Umar’s speeches, known for their spark and vigour and a certain calmness, were all over the place just ahead of the Delhi riots when the country was erupting with protests over the Union government’s new Citizenship Amendment Act (CAA). The Act, combined with the National Register of Citizens (NRC), was criticised as discriminative to Muslim immigrants, who, even after decades of having lived in India, may lose their citizenship and right to live in the country. 

An edited version of Umar’s 17-minute-long speech, made at Amravati in Maharashtra, was displayed in a tweet by Amit Malviya, the IT cell head of the ruling Bharatiya Janata Party. This was in turn telecast by news channels like Republic TV and News 18. Playing the truncated version, the channels accused Umar’s speech of calling for violence in Delhi during former US President Donald Trump’s visit in 2020. 

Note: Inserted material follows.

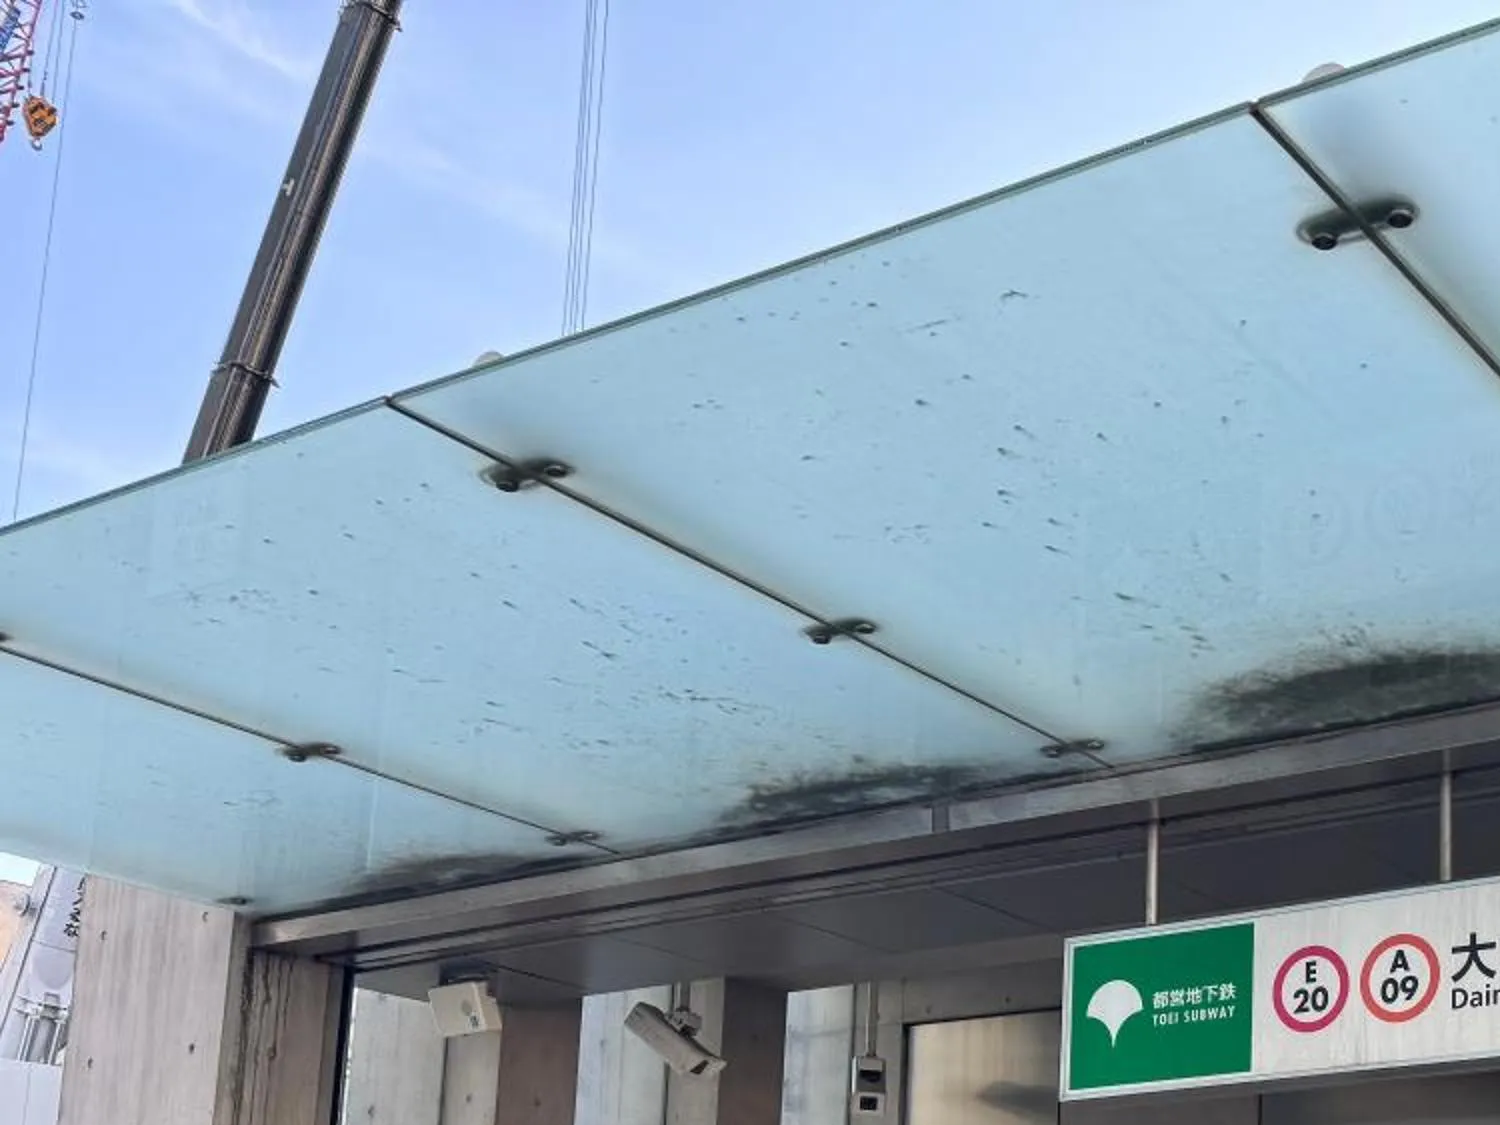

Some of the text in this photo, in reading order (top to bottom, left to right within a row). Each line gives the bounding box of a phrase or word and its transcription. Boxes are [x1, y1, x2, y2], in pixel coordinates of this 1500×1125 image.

Umar’s lawyer Trideep Pais argued in court that the Delhi police based their case on the cut-out version of his speech, which was a far cry from the original that included messages of peace uttered by Mahatma Gandhi. “A message of unity based on Gandhiji was given that day and that was termed as an act of terror,” Pais said, playing the full speech at court.

Umar Khalid, making a speech
Umar Khalid, making a speech

That was three years ago. Several hashtags, calling for the release of Umar, after 100 days, 500, and 1000 days of incarceration, spread through the internet. Banojyotsna would share with Umar what came to him through post – cards and letters and offers of books to read in prison. “He must have read nearly 300 books in these four years. He reads a lot in prison,” she said. 

Umar had always been a reader. Visuals of the book shelves he shared with Buno (as Banojyotsna is fondly called) are in Lalit’s film. But he was not so serious about academics, he had actually pursued a career in cricket, Buno said. What prompted his shift to ‘accidental activism’, according to her, was an incident that shook him in his youth – the Batla House encounter of 2008, carried out by the Delhi police, targeting alleged terrorists in Jamia Nagar. Two alleged terrorists and a police officer were killed, and a third accused who had been on the run arrested 10 years later. There was a lot of controversy surrounding the encounter, with activists questioning the haste of the police in carrying it out.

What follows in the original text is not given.